> [What to do]:
At the line containing "this 1204×1586 image.", begin retyping, and stop after the last line of the data; add nothing.

+---+

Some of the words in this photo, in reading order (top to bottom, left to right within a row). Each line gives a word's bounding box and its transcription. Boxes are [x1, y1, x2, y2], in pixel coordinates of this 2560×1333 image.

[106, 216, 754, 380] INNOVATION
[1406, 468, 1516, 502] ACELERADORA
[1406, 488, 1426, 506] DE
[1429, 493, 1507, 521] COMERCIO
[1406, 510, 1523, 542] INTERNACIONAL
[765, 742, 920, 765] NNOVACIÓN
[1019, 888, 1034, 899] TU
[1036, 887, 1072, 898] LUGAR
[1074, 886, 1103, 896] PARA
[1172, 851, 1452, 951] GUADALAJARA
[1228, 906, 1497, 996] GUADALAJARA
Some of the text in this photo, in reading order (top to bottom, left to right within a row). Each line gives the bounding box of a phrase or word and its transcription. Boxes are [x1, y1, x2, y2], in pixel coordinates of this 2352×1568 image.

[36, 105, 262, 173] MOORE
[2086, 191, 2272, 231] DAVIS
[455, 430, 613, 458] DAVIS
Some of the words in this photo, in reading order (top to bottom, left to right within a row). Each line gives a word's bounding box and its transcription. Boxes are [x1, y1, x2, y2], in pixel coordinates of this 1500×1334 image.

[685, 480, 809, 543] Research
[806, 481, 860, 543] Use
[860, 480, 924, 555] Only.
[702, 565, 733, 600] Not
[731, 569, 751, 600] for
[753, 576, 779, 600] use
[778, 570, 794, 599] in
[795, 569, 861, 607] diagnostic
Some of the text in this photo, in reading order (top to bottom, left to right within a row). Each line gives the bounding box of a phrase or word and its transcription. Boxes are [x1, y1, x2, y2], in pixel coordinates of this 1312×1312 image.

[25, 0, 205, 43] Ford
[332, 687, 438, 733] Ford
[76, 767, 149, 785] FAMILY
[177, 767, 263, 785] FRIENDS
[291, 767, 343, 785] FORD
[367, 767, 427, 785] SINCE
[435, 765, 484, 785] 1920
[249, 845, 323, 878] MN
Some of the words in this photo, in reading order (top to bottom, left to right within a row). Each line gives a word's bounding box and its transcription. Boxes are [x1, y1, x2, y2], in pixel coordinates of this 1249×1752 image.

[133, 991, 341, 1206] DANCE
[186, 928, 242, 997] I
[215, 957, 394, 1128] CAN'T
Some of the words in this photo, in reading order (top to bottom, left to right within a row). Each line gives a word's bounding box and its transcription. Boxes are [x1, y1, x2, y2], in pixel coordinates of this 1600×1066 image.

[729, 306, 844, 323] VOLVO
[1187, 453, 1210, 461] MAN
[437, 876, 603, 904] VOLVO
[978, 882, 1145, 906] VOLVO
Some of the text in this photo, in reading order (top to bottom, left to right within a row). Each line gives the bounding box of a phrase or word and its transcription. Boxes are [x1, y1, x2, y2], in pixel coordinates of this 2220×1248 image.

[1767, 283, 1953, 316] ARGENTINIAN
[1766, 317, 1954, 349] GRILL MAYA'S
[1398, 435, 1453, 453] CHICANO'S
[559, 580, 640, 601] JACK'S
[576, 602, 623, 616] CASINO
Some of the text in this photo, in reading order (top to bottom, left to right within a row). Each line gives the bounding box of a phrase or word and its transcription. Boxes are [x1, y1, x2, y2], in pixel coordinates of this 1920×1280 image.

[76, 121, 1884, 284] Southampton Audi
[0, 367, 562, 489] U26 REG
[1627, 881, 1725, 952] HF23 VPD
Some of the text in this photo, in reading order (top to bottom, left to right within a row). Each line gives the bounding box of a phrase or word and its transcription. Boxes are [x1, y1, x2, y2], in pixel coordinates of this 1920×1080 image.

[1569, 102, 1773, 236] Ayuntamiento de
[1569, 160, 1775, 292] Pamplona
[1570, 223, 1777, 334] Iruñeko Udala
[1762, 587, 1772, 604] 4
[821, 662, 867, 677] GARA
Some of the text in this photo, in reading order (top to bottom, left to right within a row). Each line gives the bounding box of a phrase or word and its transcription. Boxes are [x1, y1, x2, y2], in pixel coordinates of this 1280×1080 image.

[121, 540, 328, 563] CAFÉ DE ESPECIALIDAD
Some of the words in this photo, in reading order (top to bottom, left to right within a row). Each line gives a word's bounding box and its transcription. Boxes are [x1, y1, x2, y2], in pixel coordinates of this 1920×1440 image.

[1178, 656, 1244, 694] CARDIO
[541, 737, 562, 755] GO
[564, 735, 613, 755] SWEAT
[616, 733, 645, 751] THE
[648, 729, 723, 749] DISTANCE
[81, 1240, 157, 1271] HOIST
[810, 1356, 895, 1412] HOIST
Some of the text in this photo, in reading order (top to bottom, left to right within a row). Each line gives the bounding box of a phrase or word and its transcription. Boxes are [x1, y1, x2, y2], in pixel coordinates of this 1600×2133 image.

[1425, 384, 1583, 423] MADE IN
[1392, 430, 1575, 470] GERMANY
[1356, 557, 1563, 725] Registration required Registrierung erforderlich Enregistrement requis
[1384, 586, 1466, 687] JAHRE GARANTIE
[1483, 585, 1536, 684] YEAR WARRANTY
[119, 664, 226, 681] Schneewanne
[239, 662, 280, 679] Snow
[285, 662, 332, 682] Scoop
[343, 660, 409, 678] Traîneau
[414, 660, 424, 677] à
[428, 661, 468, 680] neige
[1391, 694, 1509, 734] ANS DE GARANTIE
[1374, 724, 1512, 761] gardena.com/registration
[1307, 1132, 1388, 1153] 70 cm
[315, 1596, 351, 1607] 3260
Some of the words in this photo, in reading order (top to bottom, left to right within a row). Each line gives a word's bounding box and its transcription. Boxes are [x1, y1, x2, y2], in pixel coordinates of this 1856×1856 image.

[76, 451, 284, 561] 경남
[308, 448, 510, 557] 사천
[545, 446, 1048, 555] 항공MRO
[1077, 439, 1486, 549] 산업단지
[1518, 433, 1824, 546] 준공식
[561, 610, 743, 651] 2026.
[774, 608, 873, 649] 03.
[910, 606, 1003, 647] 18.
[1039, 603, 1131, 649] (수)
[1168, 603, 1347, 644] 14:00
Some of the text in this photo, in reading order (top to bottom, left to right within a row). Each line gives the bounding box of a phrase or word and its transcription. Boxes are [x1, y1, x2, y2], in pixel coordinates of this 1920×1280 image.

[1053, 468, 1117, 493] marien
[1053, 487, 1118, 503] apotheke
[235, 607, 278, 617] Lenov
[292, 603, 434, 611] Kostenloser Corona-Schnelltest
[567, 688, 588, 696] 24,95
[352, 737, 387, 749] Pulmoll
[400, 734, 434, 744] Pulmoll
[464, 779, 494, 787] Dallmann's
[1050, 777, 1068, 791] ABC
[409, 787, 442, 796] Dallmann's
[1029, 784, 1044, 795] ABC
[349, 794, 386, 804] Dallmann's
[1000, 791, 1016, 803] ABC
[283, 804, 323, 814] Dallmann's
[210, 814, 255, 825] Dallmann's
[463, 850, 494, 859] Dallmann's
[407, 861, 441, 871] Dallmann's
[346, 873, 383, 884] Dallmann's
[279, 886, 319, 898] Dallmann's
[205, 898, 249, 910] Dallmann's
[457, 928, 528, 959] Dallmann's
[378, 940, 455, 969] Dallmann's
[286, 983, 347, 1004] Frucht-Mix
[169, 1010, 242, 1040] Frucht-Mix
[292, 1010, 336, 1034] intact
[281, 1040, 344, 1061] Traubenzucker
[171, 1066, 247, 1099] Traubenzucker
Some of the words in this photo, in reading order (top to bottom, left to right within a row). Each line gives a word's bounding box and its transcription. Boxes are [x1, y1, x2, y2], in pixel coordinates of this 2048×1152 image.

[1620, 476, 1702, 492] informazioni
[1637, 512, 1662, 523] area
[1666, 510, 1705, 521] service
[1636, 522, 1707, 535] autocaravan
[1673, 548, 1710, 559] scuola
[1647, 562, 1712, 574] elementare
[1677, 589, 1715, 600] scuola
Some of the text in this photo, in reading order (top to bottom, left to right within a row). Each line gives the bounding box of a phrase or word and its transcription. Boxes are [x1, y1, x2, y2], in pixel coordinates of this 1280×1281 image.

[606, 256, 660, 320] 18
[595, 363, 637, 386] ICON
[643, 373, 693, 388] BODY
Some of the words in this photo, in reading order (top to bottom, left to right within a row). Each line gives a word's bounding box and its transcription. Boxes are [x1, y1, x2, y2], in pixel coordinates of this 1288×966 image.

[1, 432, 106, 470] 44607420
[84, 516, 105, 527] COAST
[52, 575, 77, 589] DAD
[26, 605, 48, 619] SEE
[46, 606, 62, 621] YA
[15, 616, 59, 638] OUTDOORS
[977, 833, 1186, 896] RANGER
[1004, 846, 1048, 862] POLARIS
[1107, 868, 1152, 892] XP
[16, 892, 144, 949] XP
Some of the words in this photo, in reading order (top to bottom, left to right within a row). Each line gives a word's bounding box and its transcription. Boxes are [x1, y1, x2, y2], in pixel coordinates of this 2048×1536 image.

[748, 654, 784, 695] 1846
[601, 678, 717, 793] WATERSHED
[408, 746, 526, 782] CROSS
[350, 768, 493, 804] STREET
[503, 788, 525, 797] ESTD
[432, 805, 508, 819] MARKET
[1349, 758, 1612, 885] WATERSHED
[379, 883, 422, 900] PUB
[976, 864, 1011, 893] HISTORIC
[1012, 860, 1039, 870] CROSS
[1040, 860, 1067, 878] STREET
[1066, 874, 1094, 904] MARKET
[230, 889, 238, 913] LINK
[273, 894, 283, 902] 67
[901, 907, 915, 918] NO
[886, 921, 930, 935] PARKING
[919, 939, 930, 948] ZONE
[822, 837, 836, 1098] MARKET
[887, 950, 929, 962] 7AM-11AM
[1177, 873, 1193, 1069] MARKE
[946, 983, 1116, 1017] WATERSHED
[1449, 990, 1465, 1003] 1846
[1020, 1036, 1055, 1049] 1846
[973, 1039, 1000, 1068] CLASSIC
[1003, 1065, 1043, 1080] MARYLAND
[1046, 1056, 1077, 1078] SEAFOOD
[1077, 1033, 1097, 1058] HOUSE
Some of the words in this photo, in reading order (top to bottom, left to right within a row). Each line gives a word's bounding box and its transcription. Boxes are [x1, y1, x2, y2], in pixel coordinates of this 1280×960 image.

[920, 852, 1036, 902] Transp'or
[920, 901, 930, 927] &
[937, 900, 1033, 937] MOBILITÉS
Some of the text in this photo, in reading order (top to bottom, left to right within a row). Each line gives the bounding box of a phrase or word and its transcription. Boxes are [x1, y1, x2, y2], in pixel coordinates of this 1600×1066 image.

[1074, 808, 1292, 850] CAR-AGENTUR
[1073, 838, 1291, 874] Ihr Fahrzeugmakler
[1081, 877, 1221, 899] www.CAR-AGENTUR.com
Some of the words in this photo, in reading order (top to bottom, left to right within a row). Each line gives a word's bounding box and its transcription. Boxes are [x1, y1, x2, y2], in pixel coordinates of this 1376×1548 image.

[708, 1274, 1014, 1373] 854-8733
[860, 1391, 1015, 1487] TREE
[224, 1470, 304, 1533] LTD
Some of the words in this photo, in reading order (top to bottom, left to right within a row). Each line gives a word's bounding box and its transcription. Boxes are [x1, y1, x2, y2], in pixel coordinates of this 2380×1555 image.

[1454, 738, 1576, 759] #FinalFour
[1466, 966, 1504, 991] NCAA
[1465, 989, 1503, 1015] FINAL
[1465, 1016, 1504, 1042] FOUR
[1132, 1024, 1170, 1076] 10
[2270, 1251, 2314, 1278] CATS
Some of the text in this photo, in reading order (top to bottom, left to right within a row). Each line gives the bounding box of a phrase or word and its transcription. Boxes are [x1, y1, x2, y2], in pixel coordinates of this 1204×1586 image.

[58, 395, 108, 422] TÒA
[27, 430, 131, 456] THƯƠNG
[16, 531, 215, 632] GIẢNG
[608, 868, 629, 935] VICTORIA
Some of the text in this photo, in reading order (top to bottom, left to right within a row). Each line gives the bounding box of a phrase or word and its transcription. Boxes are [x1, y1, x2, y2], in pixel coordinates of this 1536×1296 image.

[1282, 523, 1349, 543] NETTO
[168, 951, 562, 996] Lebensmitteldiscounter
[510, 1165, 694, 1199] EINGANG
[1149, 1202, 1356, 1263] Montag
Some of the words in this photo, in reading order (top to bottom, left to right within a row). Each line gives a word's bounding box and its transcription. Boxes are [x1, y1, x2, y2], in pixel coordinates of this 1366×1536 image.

+---+

> [Written answer]:
Some of the text in this photo, in reading order (top to bottom, left to right within a row). Each line gives the bounding box of a phrase or word and its transcription. Boxes are [x1, y1, x2, y2], in pixel coordinates of this 1204×1586 image.

[58, 395, 108, 422] TÒA
[27, 430, 131, 456] THƯƠNG
[16, 531, 215, 632] GIẢNG
[608, 868, 629, 935] VICTORIA
Some of the text in this photo, in reading order (top to bottom, left to right within a row). Each line gives the bounding box of a phrase or word and its transcription. Boxes are [x1, y1, x2, y2], in pixel coordinates of this 1536×1296 image.

[1282, 523, 1349, 543] NETTO
[168, 951, 562, 996] Lebensmitteldiscounter
[510, 1165, 694, 1199] EINGANG
[1149, 1202, 1356, 1263] Montag
Some of the words in this photo, in reading order (top to bottom, left to right within a row). Each line gives a word's bounding box and its transcription. Boxes are [x1, y1, x2, y2], in pixel coordinates of this 1366×1536 image.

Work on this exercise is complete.